The vitriolic attack on Tinubu for Ambode’s travails in Lagos during the recently concluded governorship primary must be understood against the above backgrounds. Without a doubt, quite a number of party members bought into the false accusations against Tinubu, attributing Ambode’s travails to the latter’s refusal to bow to the demands of the godfather. This interpretation is particularly widespread among the elite, many of whom voted for Ambode to spite Tinubu.

Yet, the truth is that Ambode chose to go solo, by sidetracking the party behind his candidature. By the party, of course, is meant party members, including party leaders, its elected officials, political appointees as well as the party constitution and manifesto, highlighting its policies, programmes, and projects.

Ambode also sidelined the House of Assembly and the Mandate Group, which is the engine of the APC structure in Lagos. The group worked hard for his election as well as the election of party members to the House of Assembly and the LGAs. Ambode ignored it, by setting up competing groups, namely, the Ambode Mandate Support Group and the Akinwunmi Ambode Campaign Organisation.

One of the LGAs in which Ambode sought to destroy the existing party machine, by setting up his own, is the thickly populated Alimosho LGA. Many residents in Alimosho are either poor or belong to the struggling working class of artisans, drivers, cleaners, and so-called “area boys”, most of whose fortunes are tied to the fortunes of the party.

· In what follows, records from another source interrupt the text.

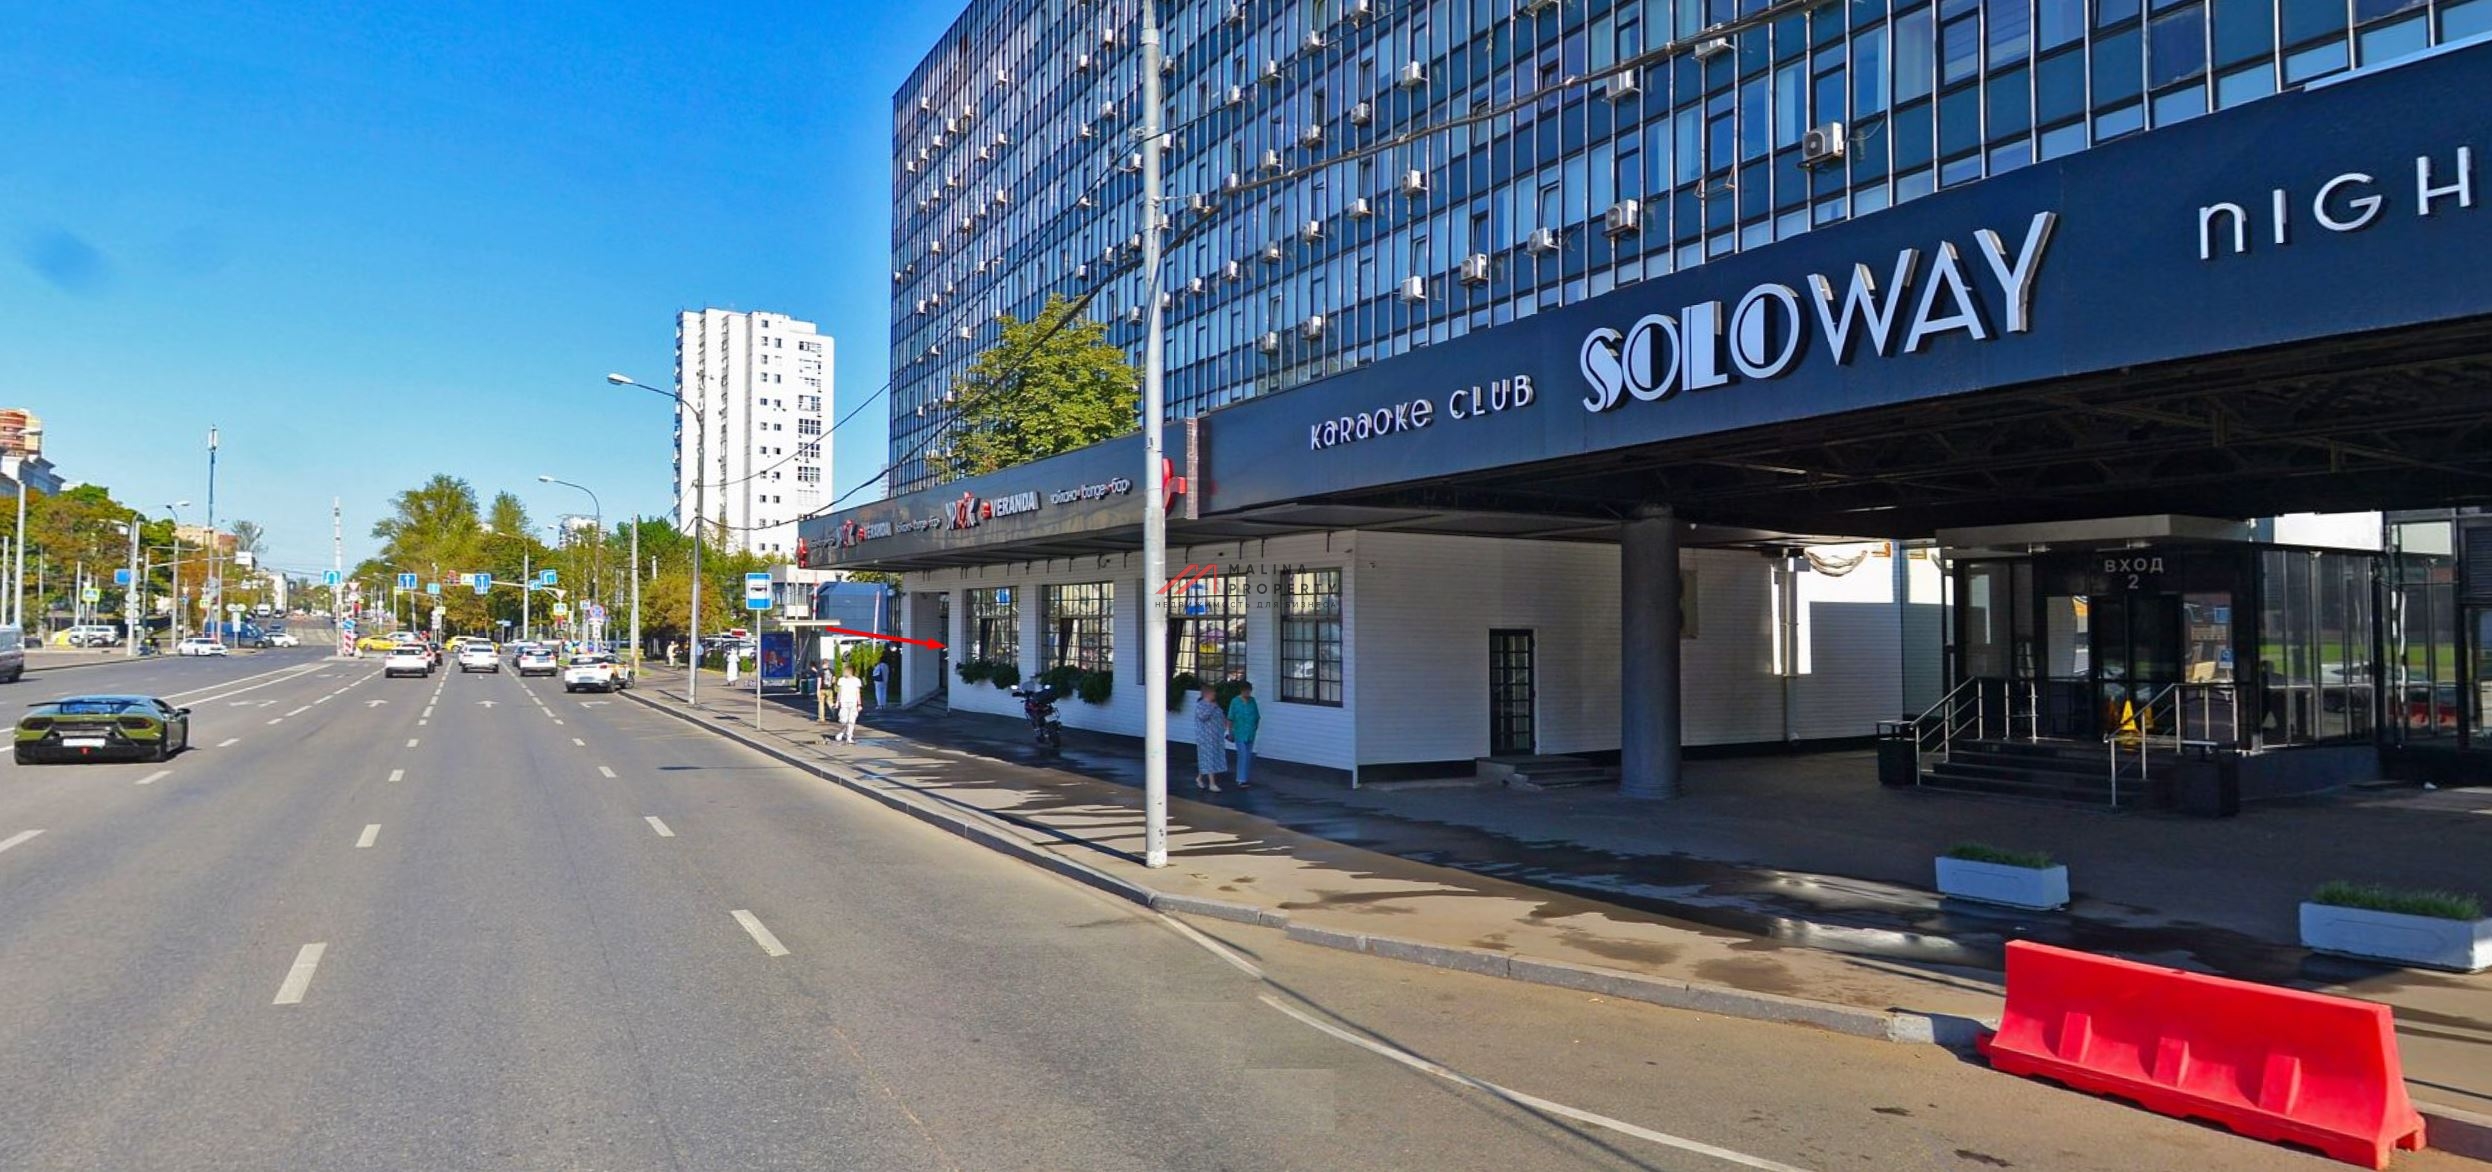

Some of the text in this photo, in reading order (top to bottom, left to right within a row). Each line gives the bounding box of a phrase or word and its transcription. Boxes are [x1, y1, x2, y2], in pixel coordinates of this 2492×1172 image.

[1580, 211, 2056, 413] SOLOWAY
[1449, 374, 1535, 420] CLUB
[991, 490, 1040, 517] VERANDA
[2104, 557, 2164, 574] ВХОД
[2127, 574, 2139, 589] 2

By sidelining the policies by which many party members access their livelihood, Ambode threw thousands out of job. A good example is the Lagos State Waste Management Authority, involving Private Sector Participants. Ambode scrapped it, knowing full well that waste disposal in Lagos was a party affair, which gave employment to thousands of party members, including waste managers, drivers, cleaners, and allied workers throughout the state.

Unfortunately for Ambode, Visionscape Sanitation Solutions, the foreign company he brought in as a replacement, could not cope with the job, because, as it was later discovered, it lacked the requisite experience.

Similarly, drainage and city transport were managed by the party under PSP arrangements. Ambode scrapped these policies as well, by contracting out the drainage system and bringing public transport directly under government control. Accordingly, he invested over N30 billion Paris Club refunds on bus terminals and the procurement of thousands of high occupancy vehicles to be managed by the government.

In an LGA like Alimosho, where residents were directly affected by Ambode’s policies, the mainstream Mandate Group rallied support to oust him. In Alimosho Ward C2 alone, Babajide Sanwo-Olu had 16,724 votes, whereas Ambode could muster only three votes!

Compare these results with those of Ibeju and Lekki, where the votes were overwhelmingly in favour of Ambode, 29,500 to 10 in Ibeju and 17,100 to two in Lekki. A number of elite residents in these communities told me that they voted not so much for Ambode as against Tinubu. “He should get his hands off Lagos affairs”, one of them insisted.

The truth is that Tinubu was not the issue. Were Tinubu not in the picture at all, Ambode still would have been ousted by the party. Tinubu came into the picture only because he is the leader of the party. A respectable leader that he is, he bowed to the wishes of party members.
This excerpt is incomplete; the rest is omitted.